TITLE: Appetite for Life
By Tammy Bovee


Shocking, the things we believe. Recently while talking to my dad I realized all his life he’s carried a guilt complex for his mother’s obesity. Even as an adult he actually still believed his mother when she blamed her obesity on his childhood mischief.

“The apple doesn’t fall far from the tree”, as the proverb says; I’ll show you what I mean.

The Florida surf licked the sugar-white beaches as me and my college friends from singing tour lay sunbathing. When the sun got too hot we simply splashed into the ocean and let the refreshing surf crash over us. Then we’d amble back and lay down on the boardwalk. I still remember wearing that coral bikini as I stuffed my face with junk food. “How do you eat like that and stay so thin?” my friends asked. I shrugged as I chowed-down another bite.

Always active riding horses, water-skiing, jogging, skating, my emotional eating finally caught up with me when I married and my activity level fell sharply. I remember responding to normal in-law issues by second guessing my true feelings, saying nothing or laughing-off issues I should have worked through. Instead I stuffed my feelings down with food. It was therapy by donut, Twinkie, pizza, or whatever. All this seemed to work till the day someone handed me a picture of some corpulent lady sitting in a lawn chair. I stared in disbelief as I recognized myself.

After praying a lot, I finally joined a weight loss group. I remember coming home from my first meeting. Pulling down my calendar, pen in hand, I scrawled down my weight loss goal on each Monday, for nine months. “I’m pregnant with a diet”, I joked.

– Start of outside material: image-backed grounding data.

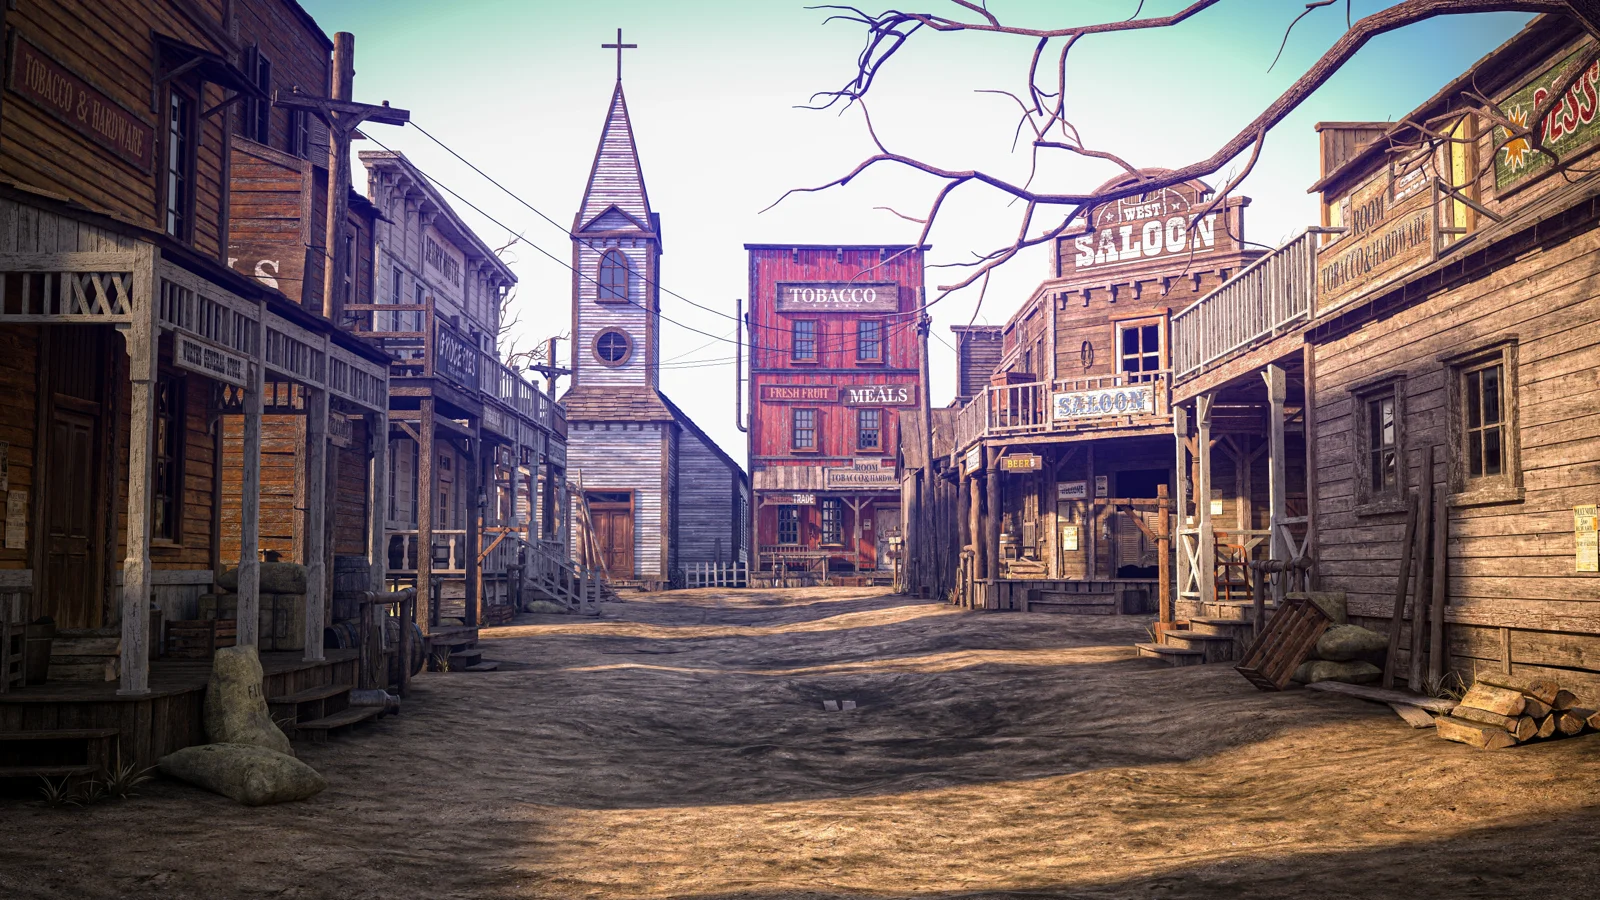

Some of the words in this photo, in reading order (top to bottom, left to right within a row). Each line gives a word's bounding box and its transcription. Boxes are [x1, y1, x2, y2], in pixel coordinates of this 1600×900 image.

[25, 53, 72, 118] TOBACCO
[76, 91, 89, 122] &
[92, 104, 144, 159] HARDWARE
[1124, 203, 1160, 221] WEST
[1353, 196, 1384, 236] ROOM
[1076, 212, 1216, 268] SALOON
[790, 288, 876, 303] TOBACCO
[439, 332, 476, 377] GROCERIES
[770, 388, 799, 399] FRESH
[801, 387, 829, 399] FRUIT
[850, 388, 908, 403] MEALS
[1059, 390, 1146, 416] SALOON
[1007, 459, 1030, 468] BEER
[793, 494, 814, 504] TRADE

Although a silly mind-trick, it worked.

As I started taking control of my life an interesting thing happened, self respect grew. I don’t mean self-love, but I started valuing myself more like God must. I started understanding my feelings and submitting them to God in prayer, and then affecting my own life.

I came to realize that loving my husband and his family didn’t mean melting like chocolate with every decision. In fact, as I began expressing my prayed-over feelings, I began to realize I counted. My opinion did matter, and my viewpoint could affect the outcome of family choices, even involving choices such as where my husband and I spent holidays.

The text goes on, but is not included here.